[Stored items]

::::::::::

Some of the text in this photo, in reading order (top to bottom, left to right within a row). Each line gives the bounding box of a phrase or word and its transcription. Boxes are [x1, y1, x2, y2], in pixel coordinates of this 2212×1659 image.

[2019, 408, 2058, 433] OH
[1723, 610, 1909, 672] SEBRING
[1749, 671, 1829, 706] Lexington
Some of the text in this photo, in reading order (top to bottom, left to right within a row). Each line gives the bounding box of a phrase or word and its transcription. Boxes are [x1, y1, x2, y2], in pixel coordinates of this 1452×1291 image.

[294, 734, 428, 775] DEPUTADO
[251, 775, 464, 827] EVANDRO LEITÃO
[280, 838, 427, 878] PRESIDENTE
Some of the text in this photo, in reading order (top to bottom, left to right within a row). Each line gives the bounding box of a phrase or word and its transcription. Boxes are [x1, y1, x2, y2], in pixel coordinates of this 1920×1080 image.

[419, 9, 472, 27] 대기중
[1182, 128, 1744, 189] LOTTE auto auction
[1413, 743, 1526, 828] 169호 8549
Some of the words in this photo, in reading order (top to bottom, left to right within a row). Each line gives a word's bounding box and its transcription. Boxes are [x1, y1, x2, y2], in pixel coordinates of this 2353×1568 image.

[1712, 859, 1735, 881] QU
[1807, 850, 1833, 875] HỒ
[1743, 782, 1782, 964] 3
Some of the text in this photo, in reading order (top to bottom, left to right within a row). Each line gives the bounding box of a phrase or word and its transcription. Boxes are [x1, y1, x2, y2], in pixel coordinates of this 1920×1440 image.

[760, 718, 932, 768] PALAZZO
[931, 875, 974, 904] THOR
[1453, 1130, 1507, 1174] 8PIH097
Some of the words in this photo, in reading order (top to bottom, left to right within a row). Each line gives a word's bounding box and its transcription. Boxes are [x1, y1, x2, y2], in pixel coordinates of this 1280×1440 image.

::::::::::

> _Exercise objective_: All of the data, start to finish: please output it exactly.

> _Solved exercise_:
Some of the text in this photo, in reading order (top to bottom, left to right within a row). Each line gives the bounding box of a phrase or word and its transcription. Boxes are [x1, y1, x2, y2], in pixel coordinates of this 2212×1659 image.

[2019, 408, 2058, 433] OH
[1723, 610, 1909, 672] SEBRING
[1749, 671, 1829, 706] Lexington
Some of the text in this photo, in reading order (top to bottom, left to right within a row). Each line gives the bounding box of a phrase or word and its transcription. Boxes are [x1, y1, x2, y2], in pixel coordinates of this 1452×1291 image.

[294, 734, 428, 775] DEPUTADO
[251, 775, 464, 827] EVANDRO LEITÃO
[280, 838, 427, 878] PRESIDENTE
Some of the text in this photo, in reading order (top to bottom, left to right within a row). Each line gives the bounding box of a phrase or word and its transcription. Boxes are [x1, y1, x2, y2], in pixel coordinates of this 1920×1080 image.

[419, 9, 472, 27] 대기중
[1182, 128, 1744, 189] LOTTE auto auction
[1413, 743, 1526, 828] 169호 8549
Some of the words in this photo, in reading order (top to bottom, left to right within a row). Each line gives a word's bounding box and its transcription. Boxes are [x1, y1, x2, y2], in pixel coordinates of this 2353×1568 image.

[1712, 859, 1735, 881] QU
[1807, 850, 1833, 875] HỒ
[1743, 782, 1782, 964] 3
Some of the text in this photo, in reading order (top to bottom, left to right within a row). Each line gives the bounding box of a phrase or word and its transcription. Boxes are [x1, y1, x2, y2], in pixel coordinates of this 1920×1440 image.

[760, 718, 932, 768] PALAZZO
[931, 875, 974, 904] THOR
[1453, 1130, 1507, 1174] 8PIH097
Some of the words in this photo, in reading order (top to bottom, left to right within a row). Each line gives a word's bounding box and its transcription. Boxes are [x1, y1, x2, y2], in pixel coordinates of this 1280×1440 image.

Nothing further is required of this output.